Council goes round and round about roundabout — public hearing set for Dec. 20

An artist's rendering of the proposed roundabout at Five Corners.

City of Edmonds Public Works Director Phil Williams said he wasn’t surprised to learn that there is opposition to the roundabout now being planned to replace a current five-way stop sign at the intersection aptly named Five Corners.

Appearing before the Edmonds City Council Tuesday night, Williams was armed with a Power Point full of statistics about the value of roundabouts, from reduced air pollution (thanks to less idling at stop signs) and accidents (due to fewer “conflict points” where serious collisions can occur) to improved aesthetics.

Williams also brought along what he called his “gurus of roundabouts” — experts with knowledge about how and why roundabouts work effectively to control movement through intersections, minus stop lights and stop signs.

The City Council voted unanimously last July to authorize the mayor and city staff to sign a consultant agreement to begin the planning process for the roundabout at 212th Street Southwest and 84th Avenue West. The city received a federal grant for $463,000 to fund final design and right-of-way acquisition; with a required 13.5 percent local match set to be paid for through the city’s Street Fund.  The city is continuing to pursue grant money for the construction phase, Williams said.

Despite the earlier unanimous council approval, lately some councilmembers and citizens have been questioning the value of the roundabout, given the city’s current budget challenges. The reason for discussing it Tuesday night, along with four other projects in the City’s Comprehensive Plan and Capital Improvement Program, is because the council must take formal action to remove any projects currently scheduled as part of the program.

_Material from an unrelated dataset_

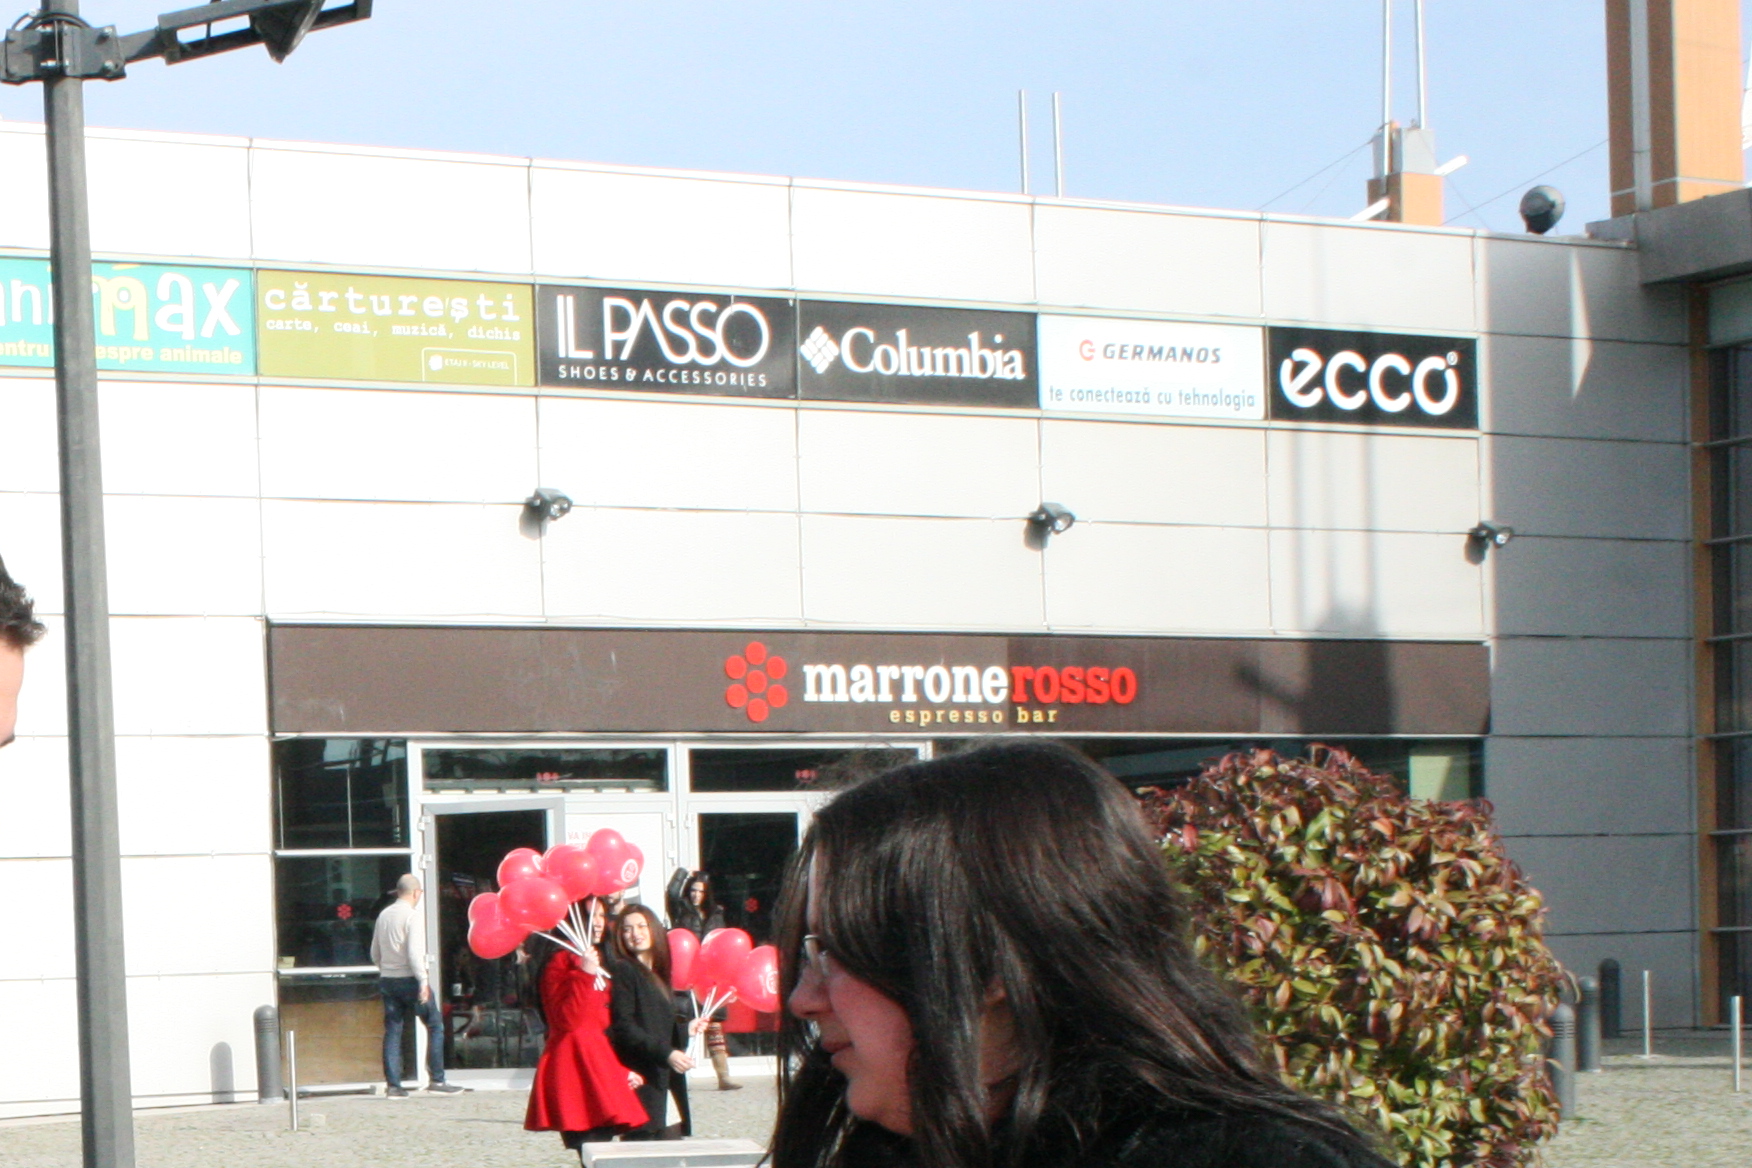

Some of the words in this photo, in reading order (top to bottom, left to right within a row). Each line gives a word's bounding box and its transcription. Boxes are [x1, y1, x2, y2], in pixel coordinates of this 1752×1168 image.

The future of those other four already-approved projects — including $1 million for a stoplight at Ninth Avenue and Caspers Street — are also being scrutinized by the council in light of the current economic climate.

Councilmember Steve Bernheim said he’s worried about the roundabout’s cost given what he views as “marginal improvement” to the driving efficiency of people using a roundabout vs. a stop sign (according to Williams’ statistics, drivers spend on average 115 seconds during peak hours going through the Five Corners five-way stop intersection, but would spend only 10 seconds using a roundabout.

“I just don’t know that people will tolerate spending this money for this result,” Bernheim said.

Williams noted that roundabouts traditionally are opposed at first in most communities where they are introduced, but that the opposition turns into support once people use them. “Usually it’s based on a lack of information,” Williams said. “It’s incumbent on us to educate the public.”

He also said the perception that there are no traffic problems at Five Corners isn’t true, and noted there have been eight serious accidents at that intersection from 2007-2010.

Since 1997, a total of 250 roundabouts have been built in Washington state and more than 3,000 have been constructed nationally, Williams noted. “It’s a technology that has really taken hold and is growing rapidly,” he said.

Councilmember Diane Buckshnis voiced her support for the roundabout, calling it “innovative and smart,” adding that she believes the idea will catch on. “People are saying not in my backyard, but when it’s there, they’ll love it,” she said.

Councilmember Michael Plunkett said that while he admired the quality of Williams’ presentation, he wasn’t convinced of the roundabouts’ safety or effectiveness, and wondered if the city could add stop signs to the roundabout design.

Williams said that installing stop signs would reduce the roundabout’s effectiveness and noted it would be unlikely the city could receive grant money for the project if stop signs were included. That statement was confirmed by Brian Walsh of the Washington State Department of Transportation, one of the “roundabout gurus” in the audience.

The city has spent $70,000 on consulting fees for the project so far, Williams said, and would have to return the grant money and absorb that cost if the council decides to stop the project.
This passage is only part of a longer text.